NDUFS4 is located on the q arm of chromosome 5 in position 11.2 and has 8 exons. The NDUFS4 gene produces a 20.1 kDa protein composed of 175 amino acids. NDUFS4, the protein encoded by this gene, is a member of the complex I NDUFS4 subunit family. It is a peripheral membrane protein located on the matrix side of the inner mitochondrial membrane. NDUFS4 is a component of the iron-sulfur (IP) fragment of the enzyme and contains a transit peptide domain, 4 turns, 6 beta strands, and 4 alpha helixes. Alternative splicing results in multiple transcript variants.

== Function ==

Complex I, or NADH:ubiquinone oxidoreductase, the first multisubunit enzyme complex of the mitochondrial respiratory chain, plays a vital role in cellular ATP production, the primary source of energy for many crucial processes in living cells. It removes electrons from NADH and passes them by a series of different protein-coupled redox centers to the electron acceptor ubiquinone. In well-coupled mitochondria, the electron flux leads to ATP generation via the building of a proton gradient across the inner membrane. Complex I is composed of at least 41 subunits, of which 7 are encoded by the mitochondrial genome (ND1-6, ND4L) and the remainder by nuclear genes.

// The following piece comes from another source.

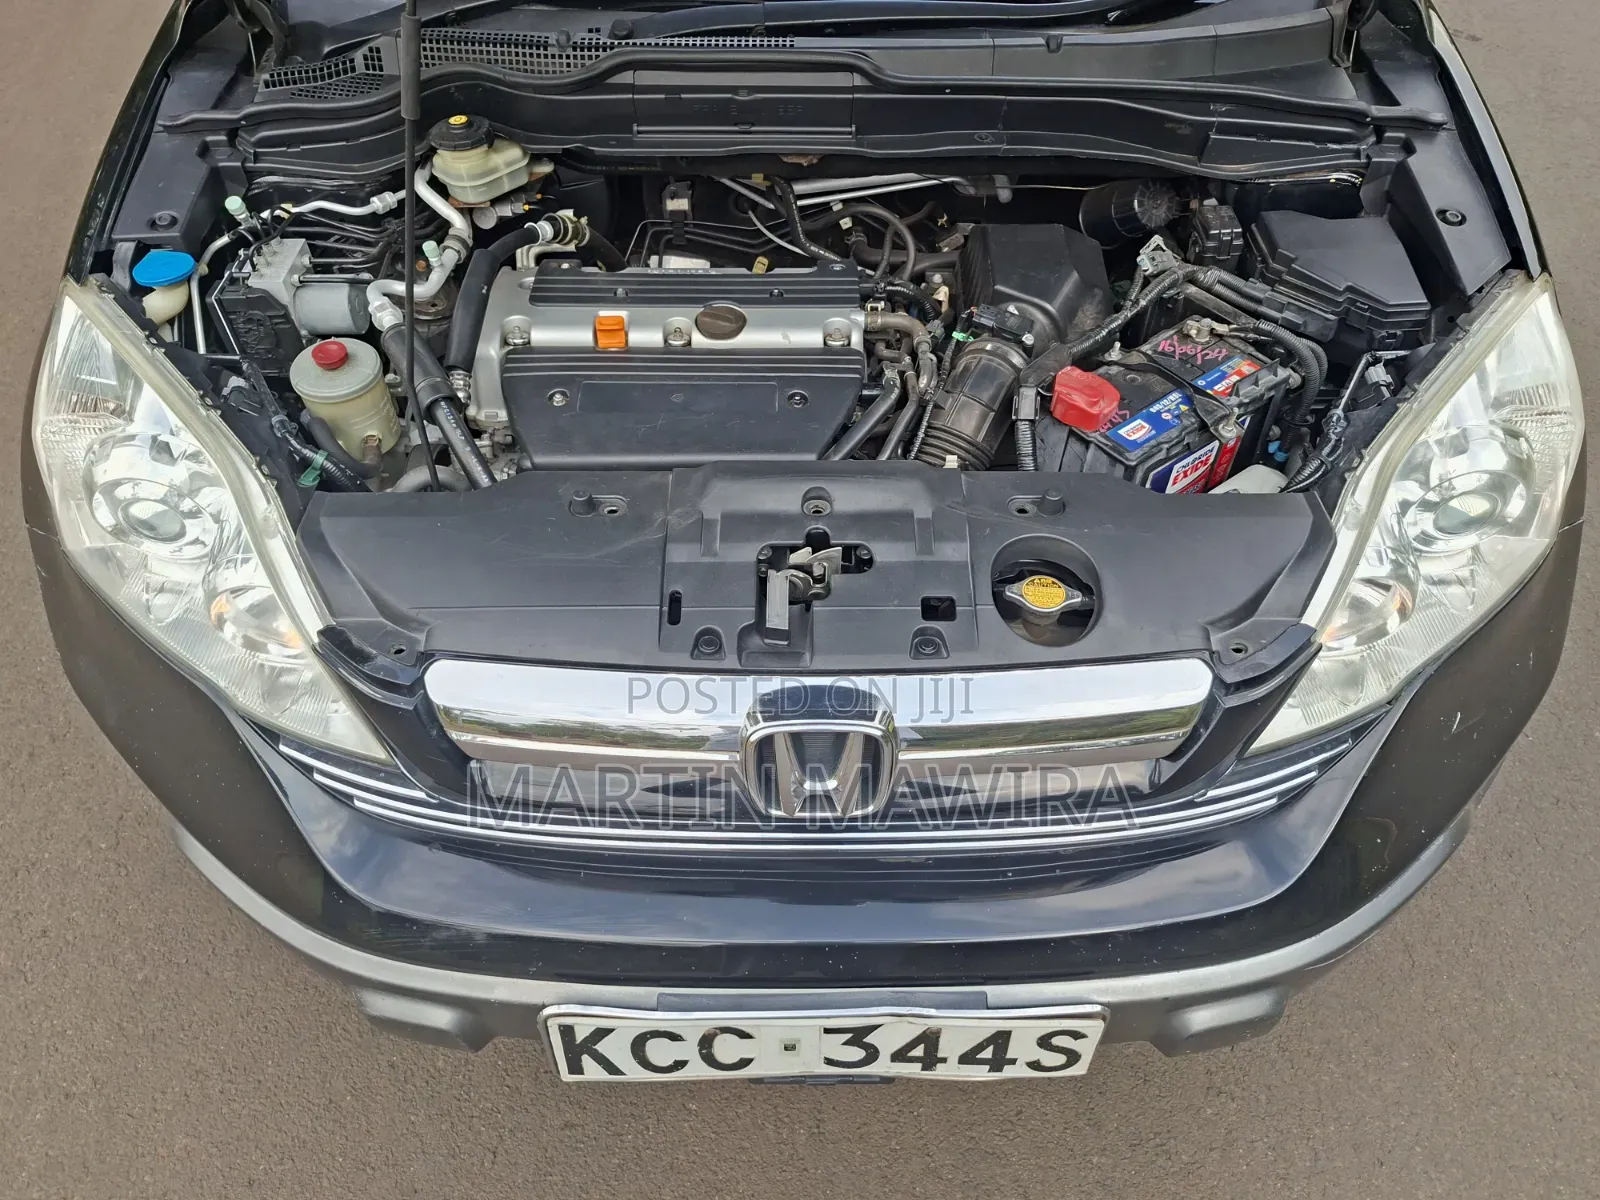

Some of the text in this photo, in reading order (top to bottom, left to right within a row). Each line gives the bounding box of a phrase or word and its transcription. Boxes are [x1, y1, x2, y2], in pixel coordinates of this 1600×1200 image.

[1158, 335, 1228, 364] 16/06/24
[1171, 453, 1213, 487] EXIDE
[1176, 445, 1215, 474] CHLORIDE
[558, 1023, 1090, 1076] KCC 344S

== Clinical significance ==

Mutations in the NDUFS4 gene are associated with Mitochondrial Complex I Deficiency, which is autosomal recessive. This deficiency is the most common enzymatic defect of the oxidative phosphorylation disorders. Mitochondrial complex I deficiency shows extreme genetic heterogeneity and can be caused by mutation in nuclear-encoded genes or in mitochondrial-encoded genes. There are no obvious genotype–phenotype correlations, and inference of the underlying basis from the clinical or biochemical presentation is difficult, if not impossible. However, the majority of cases are caused by mutations in nuclear-encoded genes. It causes a wide range of clinical disorders, ranging from lethal neonatal disease to adult-onset neurodegenerative disorders. Phenotypes include macrocephaly with progressive leukodystrophy, nonspecific encephalopathy, hypertrophic cardiomyopathy, myopathy, liver disease, Leigh syndrome, Leber hereditary optic neuropathy, and some forms of Parkinson disease. Complex I deficiency with autosomal recessive inheritance results from mutation in nuclear-encoded subunit genes, including NDUFV1, NDUFV2, NDUFS1, NDUFS2, NDUFS3, NDUFS6, NDUFS7, NDUFS8, NDUFA2, NDUFA11, NDUFAF3, NDUFAF10, NDUFB3, NDUFB9, ACAD9, FOXRED1, and MTFMT.

== Interactions ==

NDUFS4 has been shown to have 58 binary protein-protein interactions including 57 co-complex interactions. NDUFS4 appears to interact with UBE2G2.